GithubHelp home page GithubHelp logo

python-intro-to-strings's Introduction

Working with Text

Let's go!

As you have seen from the Instant Data Science lesson, programming is a powerful tool for answering questions about data. It allows us to collect, clean up and format our data and then perform calculations on that data.

Much of our digital information is in the form of text -- song lyrics and emails, for example. To clean up and format that text with Python, we need to become familiar with our first type of data, the string.

Objectives

  • Working with our first data type, strings
  • Learning about string methods that Python provides us
  • Learning how to discover new methods

Introduction to strings

A lot of information in the world is in the form of text. If we want to capture this information and operate on it, we should become familiar with an entire datatype in Python dedicated to it: the string.

Note: If you are viewing this in markdown format (files that end in .md), the first gray box will show the input and what follows is the output. The rest of the lab(s) will follow this pattern, but we've marked the input for the first few examples with the comment '# input'.

'Homer Simpson' #input
'Homer Simpson'

When programmers say "string", what they mean is text. When programmers say datatype, they just mean type of data. We can think of 'Homer Simpson' as an instance of the string datatype.

Here is another datatype in Python, a number.

3 #input
3

We can discover the type of a piece of data by calling, or executing, the type method. By calling or executing a method, we mean running the method so that it executes the code within it. We'll learn more about these soon enough!

Let's look at an example below:

type('Homer Simpson') #input
str

We need to pay attention to what type of data we are working with because they operate differently.

For example, to initialize a string we cannot simply type letters. Instead, we need to be very explicit with Python and tell Python it is about to see some text. We do this by surrounding our text with quotes. If we don't do that, or end our quotation marks too early, Python will throw us an error.

'Homer Simps'on #input
  File "<ipython-input-4-b38f60fea49d>", line 1
    'Homer Simps'on #input
                  ^
SyntaxError: invalid syntax

If we want, we can also use double quotes.

"Homer don't care" #input
"Homer don't care"

Note: double quotes and single quotes can be used interchangeably in Python; however, it is important that we stay consistent.

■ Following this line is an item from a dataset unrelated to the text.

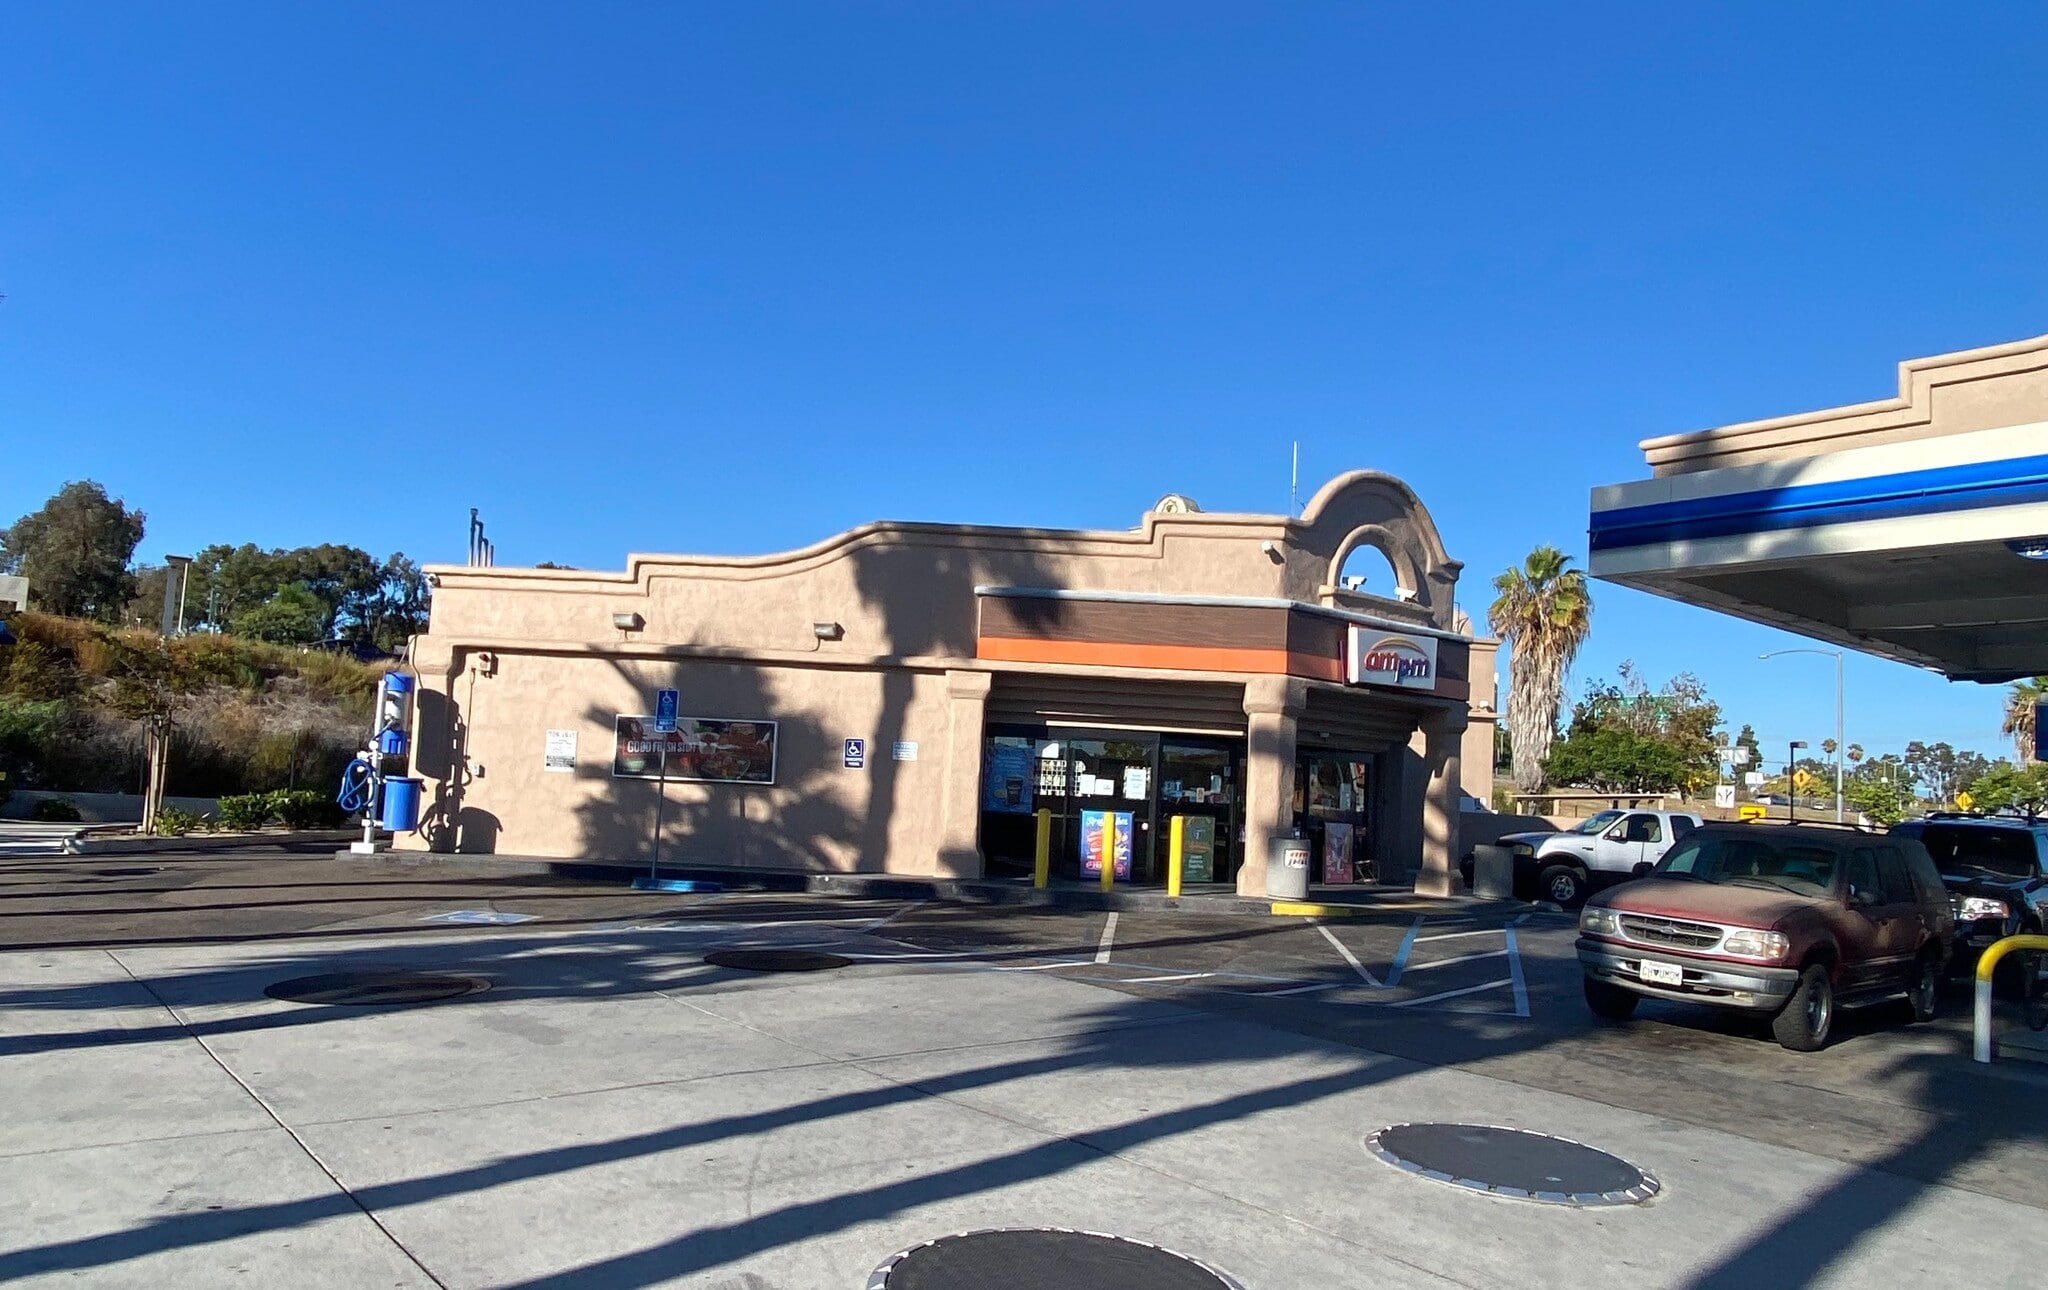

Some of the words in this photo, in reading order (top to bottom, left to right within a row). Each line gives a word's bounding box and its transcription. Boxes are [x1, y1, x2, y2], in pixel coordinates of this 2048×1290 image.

[1364, 649, 1430, 684] ampm
[627, 740, 652, 753] GOOD
[652, 740, 677, 753] FRSH

Changing data with built in methods

Python is picky like this for a reason. Once it knows we are working with a string, it gives us specific functionality for operating on strings. We call this functionality a function, or a method.

For example here is a method that works with a string (text), but does not work with a number.

'Homer Simpson'.upper()
'HOMER SIMPSON'
42.upper()
  File "<ipython-input-7-8ab5bf46fc2d>", line 1
    42.upper()
           ^
SyntaxError: invalid syntax

Yep. Bad news bears.

We can operate on a datatype with the following format:

  • [INSTANCE OF A DATATYPE] [DOT] [METHOD NAME] [PARENTHESES]

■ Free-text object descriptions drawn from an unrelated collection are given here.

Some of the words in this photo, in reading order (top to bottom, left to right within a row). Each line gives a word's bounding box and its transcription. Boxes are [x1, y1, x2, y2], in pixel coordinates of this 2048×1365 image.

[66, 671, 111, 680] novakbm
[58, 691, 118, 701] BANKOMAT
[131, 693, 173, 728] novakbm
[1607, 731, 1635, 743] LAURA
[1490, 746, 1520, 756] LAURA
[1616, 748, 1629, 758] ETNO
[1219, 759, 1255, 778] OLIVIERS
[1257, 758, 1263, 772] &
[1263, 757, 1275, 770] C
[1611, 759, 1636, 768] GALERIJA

Here are some examples, which we can see follow the same format:

"Homer Simpson".endswith('Simpson')
True
"Charles Montgomery Burns".endswith('Simpson')
False
"Homer Simpson".replace('o', '0')
'H0mer Simps0n'

As you can see, by following the format of data-dot-method name-parentheses we can begin to operate on our data.

Discovering new methods

You may be starting to worry about there being too many methods to keep track of. Let's ask Python for help with finding more information about what we can do with strings.

help('strings')
No Python documentation found for 'strings'.
Use help() to get the interactive help utility.
Use help(str) for help on the str class.

The help() word with Python comes out of the box with the language and is like an old school Alexa. Just like an Alexa, it often doesn't understand us. Let's follow its stern directions, and see what happens when we type in help(str).

help(str)
Help on class str in module __builtin__:

class str(basestring)
 |  str(object='') -> string
 |  
 |  Return a nice string representation of the object.
 |  If the argument is a string, the return value is the same object.
 |  
 |  Method resolution order:
 |      str
 |      basestring
 |      object
 |  
 |  Methods defined here:
 |  
 |  __add__(...)
 |      x.__add__(y) <==> x+y
 |  
 |  __contains__(...)
 |      x.__contains__(y) <==> y in x
 |  
 |  __eq__(...)
 |      x.__eq__(y) <==> x==y
 |  
 |  __format__(...)
 |      S.__format__(format_spec) -> string
 |      
 |      Return a formatted version of S as described by format_spec.
 |  
 |  __ge__(...)
 |      x.__ge__(y) <==> x>=y
 |  
 |  __getattribute__(...)
 |      x.__getattribute__('name') <==> x.name
 |  
 |  __getitem__(...)
 |      x.__getitem__(y) <==> x[y]
 |  
 |  __getnewargs__(...)
 |  
 |  __getslice__(...)
 |      x.__getslice__(i, j) <==> x[i:j]
 |      
 |      Use of negative indices is not supported.
 |  
 |  
 |  __hash__(...)
 |      x.__hash__() <==> hash(x)
 |  
 |  __le__(...)
 |      x.__le__(y) <==> x<=y
 |  
 |  __len__(...)
 |      x.__len__() <==> len(x)
 |  
 |  __sizeof__(...)
 |      S.__sizeof__() -> size of S in memory, in bytes
 |  
 |  __str__(...)
 |      x.__str__() <==> str(x)
 |  
 |  capitalize(...)
 |      S.capitalize() -> string
 |      
 |      Return a copy of the string S with only its first character
 |      capitalized.
 

        ... A Lot More Code ...

Note: In order to exit out of help() in your terminal, you can press the letter q.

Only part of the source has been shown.